(INPUT RECORDS)

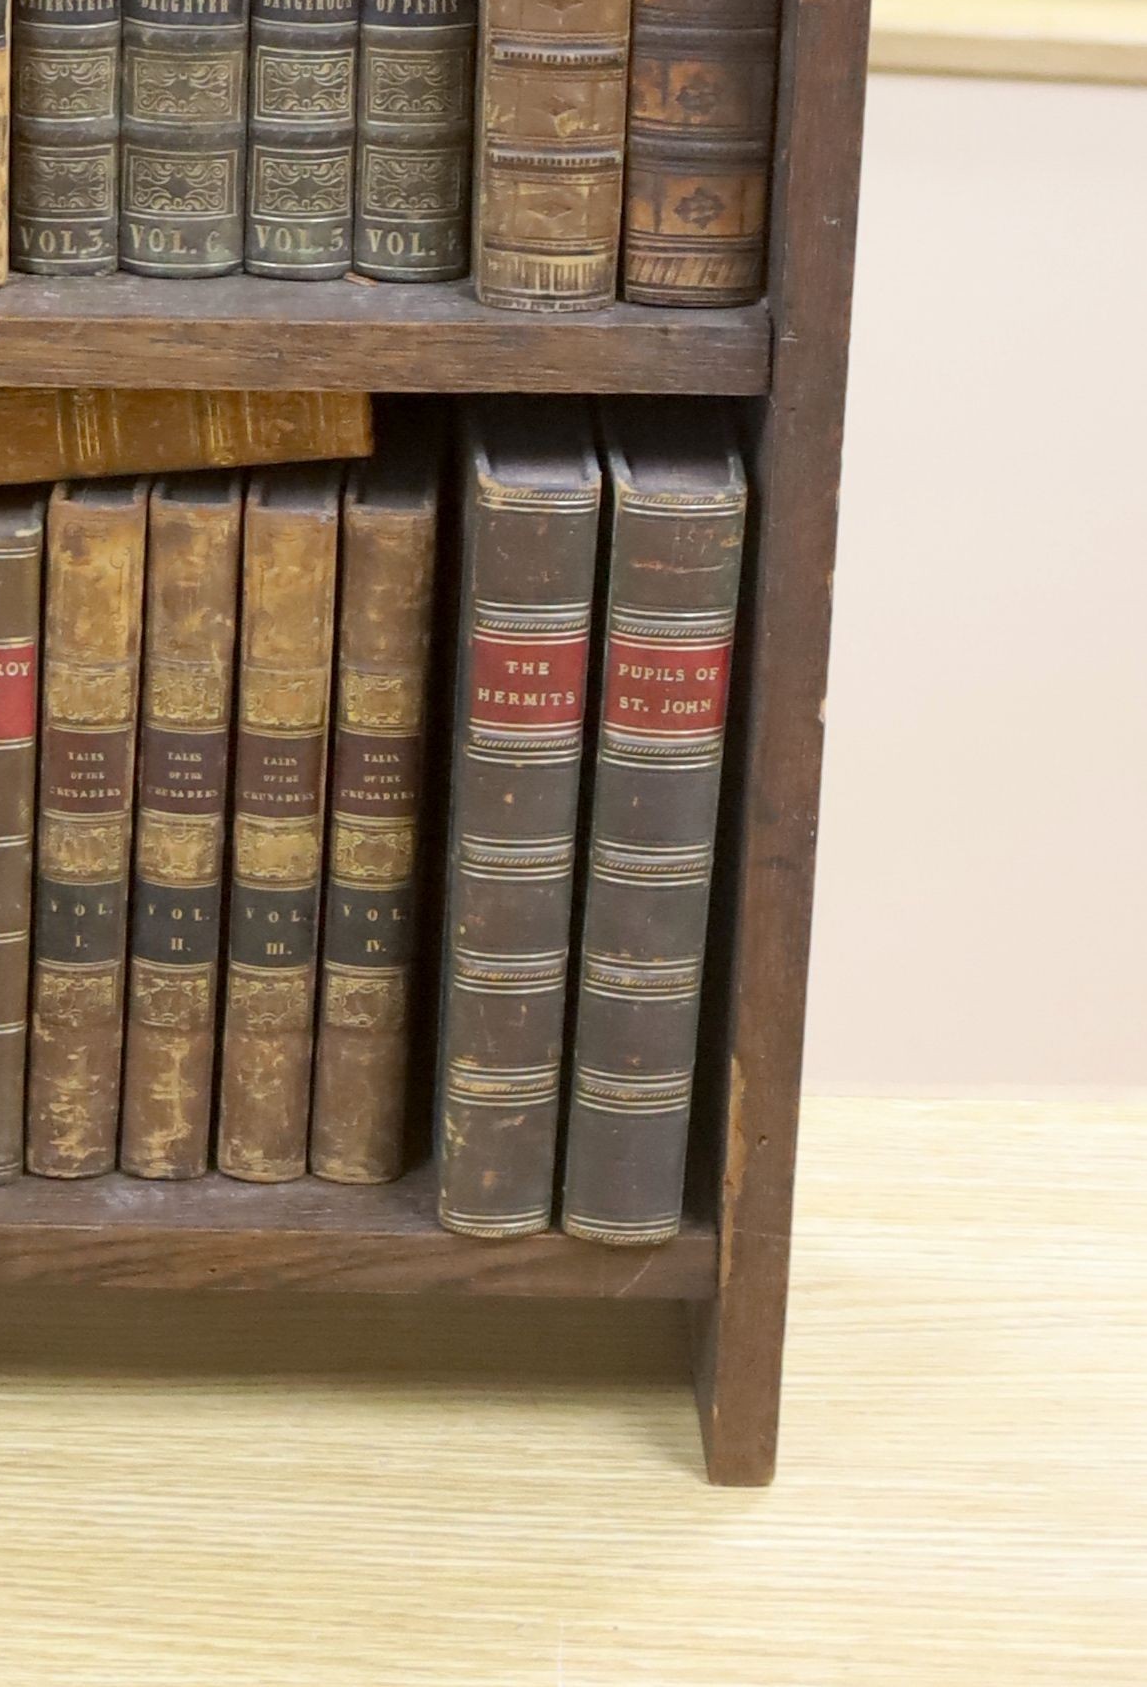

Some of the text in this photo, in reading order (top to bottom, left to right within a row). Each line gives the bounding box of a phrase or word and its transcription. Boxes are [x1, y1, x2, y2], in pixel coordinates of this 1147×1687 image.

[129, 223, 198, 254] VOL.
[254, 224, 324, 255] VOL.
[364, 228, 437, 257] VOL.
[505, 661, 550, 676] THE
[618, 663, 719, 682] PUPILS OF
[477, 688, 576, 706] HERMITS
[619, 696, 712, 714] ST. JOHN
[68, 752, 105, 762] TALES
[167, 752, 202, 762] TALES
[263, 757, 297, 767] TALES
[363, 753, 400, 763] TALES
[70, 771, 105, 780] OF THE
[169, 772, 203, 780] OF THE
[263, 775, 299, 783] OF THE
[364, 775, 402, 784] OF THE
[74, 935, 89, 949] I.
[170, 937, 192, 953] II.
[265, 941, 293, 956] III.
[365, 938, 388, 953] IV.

(End INPUT RECORDS)

> [ACTION ITEM] Copy out all the records exactly, excluding pictures.

> [RESPONSE FOR THIS EXERCISE]
Some of the text in this photo, in reading order (top to bottom, left to right within a row). Each line gives the bounding box of a phrase or word and its transcription. Boxes are [x1, y1, x2, y2], in pixel coordinates of this 1147×1687 image.

[129, 223, 198, 254] VOL.
[254, 224, 324, 255] VOL.
[364, 228, 437, 257] VOL.
[505, 661, 550, 676] THE
[618, 663, 719, 682] PUPILS OF
[477, 688, 576, 706] HERMITS
[619, 696, 712, 714] ST. JOHN
[68, 752, 105, 762] TALES
[167, 752, 202, 762] TALES
[263, 757, 297, 767] TALES
[363, 753, 400, 763] TALES
[70, 771, 105, 780] OF THE
[169, 772, 203, 780] OF THE
[263, 775, 299, 783] OF THE
[364, 775, 402, 784] OF THE
[74, 935, 89, 949] I.
[170, 937, 192, 953] II.
[265, 941, 293, 956] III.
[365, 938, 388, 953] IV.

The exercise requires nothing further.